→ Collected data:
____
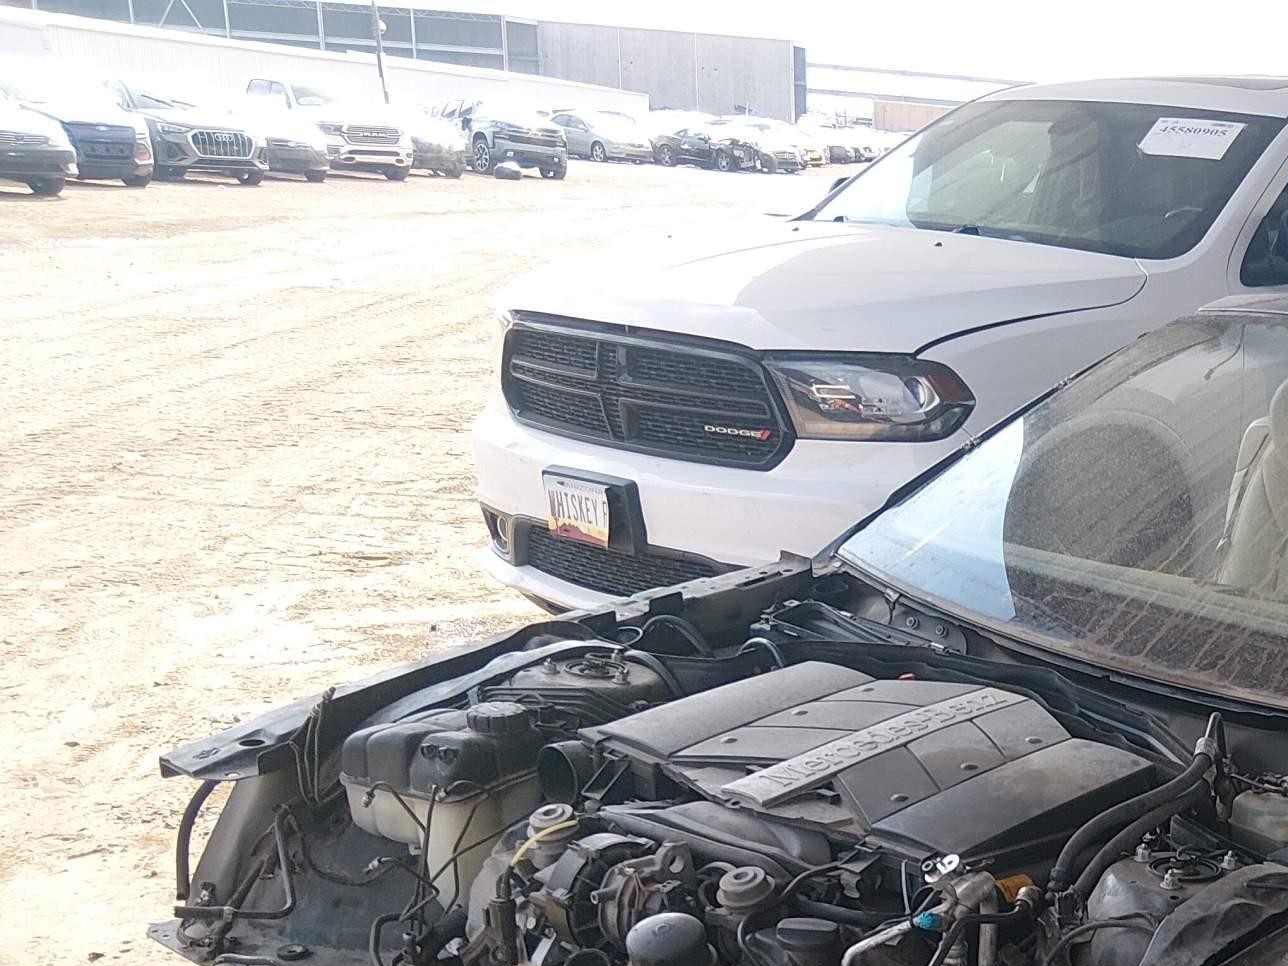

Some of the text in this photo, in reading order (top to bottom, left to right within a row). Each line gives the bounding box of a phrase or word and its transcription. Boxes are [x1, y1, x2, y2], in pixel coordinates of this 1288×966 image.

[703, 424, 762, 439] DODGE
[547, 488, 599, 527] WHISKEY
[758, 692, 1009, 788] Mercedes-Benz
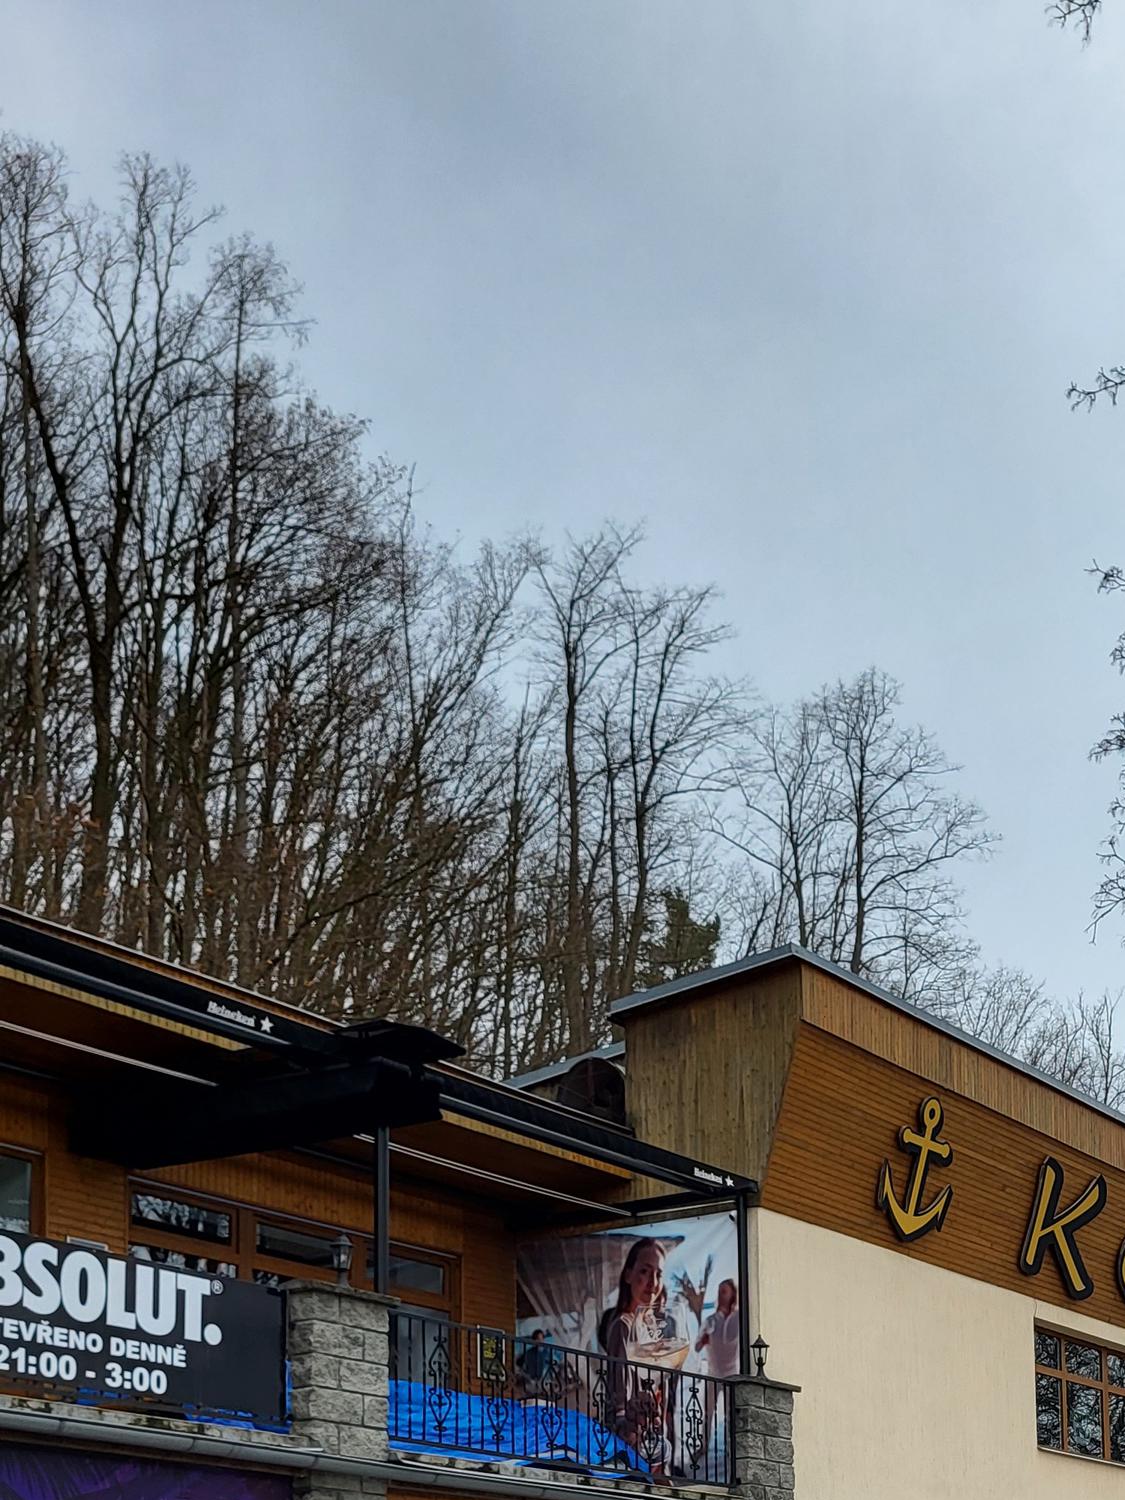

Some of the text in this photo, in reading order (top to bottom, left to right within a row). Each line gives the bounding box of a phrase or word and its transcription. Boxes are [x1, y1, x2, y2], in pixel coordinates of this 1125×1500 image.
____
→ ABOUT THIS EXERCISE:
Give the data above back unchanged, except for the pictures.

→ FINISHED EXERCISE:
Some of the text in this photo, in reading order (top to bottom, left to right within a row). Each line gives the bounding box of a phrase or word and its transcription. Boxes are [x1, y1, x2, y2], in pixel coordinates of this 1288×966 image.

[703, 424, 762, 439] DODGE
[547, 488, 599, 527] WHISKEY
[758, 692, 1009, 788] Mercedes-Benz

Some of the text in this photo, in reading order (top to bottom, left to right within a row). Each line gives the bounding box of a phrase or word and its transcription. Boxes are [x1, y1, x2, y2], in pixel coordinates of this 1125×1500 image.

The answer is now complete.